[BRIEF] Could you transcribe all of the data word for word?

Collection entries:
══════════════════════════════

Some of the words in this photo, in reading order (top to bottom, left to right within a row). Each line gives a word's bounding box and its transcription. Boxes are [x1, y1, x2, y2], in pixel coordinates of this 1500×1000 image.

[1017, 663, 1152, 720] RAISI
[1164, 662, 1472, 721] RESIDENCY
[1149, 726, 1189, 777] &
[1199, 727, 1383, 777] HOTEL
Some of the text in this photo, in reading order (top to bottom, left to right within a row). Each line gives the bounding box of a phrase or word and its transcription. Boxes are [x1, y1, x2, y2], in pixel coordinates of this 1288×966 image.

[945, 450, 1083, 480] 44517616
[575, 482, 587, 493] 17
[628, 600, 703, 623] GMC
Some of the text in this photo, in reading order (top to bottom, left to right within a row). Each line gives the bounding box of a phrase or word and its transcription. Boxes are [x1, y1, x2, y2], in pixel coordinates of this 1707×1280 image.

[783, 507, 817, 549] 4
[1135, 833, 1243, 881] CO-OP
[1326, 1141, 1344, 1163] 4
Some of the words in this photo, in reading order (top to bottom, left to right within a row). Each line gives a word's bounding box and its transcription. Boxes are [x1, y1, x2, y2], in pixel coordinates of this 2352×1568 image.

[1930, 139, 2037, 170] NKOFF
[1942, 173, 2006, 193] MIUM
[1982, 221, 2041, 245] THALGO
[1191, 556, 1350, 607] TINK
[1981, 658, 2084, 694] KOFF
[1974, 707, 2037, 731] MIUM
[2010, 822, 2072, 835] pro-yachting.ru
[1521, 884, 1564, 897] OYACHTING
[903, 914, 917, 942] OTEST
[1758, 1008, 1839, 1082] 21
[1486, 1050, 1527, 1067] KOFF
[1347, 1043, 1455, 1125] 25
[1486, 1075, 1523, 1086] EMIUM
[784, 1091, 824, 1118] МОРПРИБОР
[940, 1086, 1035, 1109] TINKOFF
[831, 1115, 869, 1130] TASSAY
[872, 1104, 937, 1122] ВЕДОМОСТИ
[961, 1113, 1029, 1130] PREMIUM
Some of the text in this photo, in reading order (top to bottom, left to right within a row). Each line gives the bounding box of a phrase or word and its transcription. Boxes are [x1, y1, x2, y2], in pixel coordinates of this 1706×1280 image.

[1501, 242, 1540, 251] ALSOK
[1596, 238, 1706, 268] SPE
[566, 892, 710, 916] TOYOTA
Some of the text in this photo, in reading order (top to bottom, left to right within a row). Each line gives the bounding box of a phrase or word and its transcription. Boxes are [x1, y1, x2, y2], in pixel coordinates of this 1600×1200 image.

══════════════════════════════

[WRITTEN ANSWER]
Some of the words in this photo, in reading order (top to bottom, left to right within a row). Each line gives a word's bounding box and its transcription. Boxes are [x1, y1, x2, y2], in pixel coordinates of this 1500×1000 image.

[1017, 663, 1152, 720] RAISI
[1164, 662, 1472, 721] RESIDENCY
[1149, 726, 1189, 777] &
[1199, 727, 1383, 777] HOTEL
Some of the text in this photo, in reading order (top to bottom, left to right within a row). Each line gives the bounding box of a phrase or word and its transcription. Boxes are [x1, y1, x2, y2], in pixel coordinates of this 1288×966 image.

[945, 450, 1083, 480] 44517616
[575, 482, 587, 493] 17
[628, 600, 703, 623] GMC
Some of the text in this photo, in reading order (top to bottom, left to right within a row). Each line gives the bounding box of a phrase or word and its transcription. Boxes are [x1, y1, x2, y2], in pixel coordinates of this 1707×1280 image.

[783, 507, 817, 549] 4
[1135, 833, 1243, 881] CO-OP
[1326, 1141, 1344, 1163] 4
Some of the words in this photo, in reading order (top to bottom, left to right within a row). Each line gives a word's bounding box and its transcription. Boxes are [x1, y1, x2, y2], in pixel coordinates of this 2352×1568 image.

[1930, 139, 2037, 170] NKOFF
[1942, 173, 2006, 193] MIUM
[1982, 221, 2041, 245] THALGO
[1191, 556, 1350, 607] TINK
[1981, 658, 2084, 694] KOFF
[1974, 707, 2037, 731] MIUM
[2010, 822, 2072, 835] pro-yachting.ru
[1521, 884, 1564, 897] OYACHTING
[903, 914, 917, 942] OTEST
[1758, 1008, 1839, 1082] 21
[1486, 1050, 1527, 1067] KOFF
[1347, 1043, 1455, 1125] 25
[1486, 1075, 1523, 1086] EMIUM
[784, 1091, 824, 1118] МОРПРИБОР
[940, 1086, 1035, 1109] TINKOFF
[831, 1115, 869, 1130] TASSAY
[872, 1104, 937, 1122] ВЕДОМОСТИ
[961, 1113, 1029, 1130] PREMIUM
Some of the text in this photo, in reading order (top to bottom, left to right within a row). Each line gives the bounding box of a phrase or word and its transcription. Boxes are [x1, y1, x2, y2], in pixel coordinates of this 1706×1280 image.

[1501, 242, 1540, 251] ALSOK
[1596, 238, 1706, 268] SPE
[566, 892, 710, 916] TOYOTA
Some of the text in this photo, in reading order (top to bottom, left to right within a row). Each line gives the bounding box of a phrase or word and its transcription. Boxes are [x1, y1, x2, y2], in pixel coordinates of this 1600×1200 image.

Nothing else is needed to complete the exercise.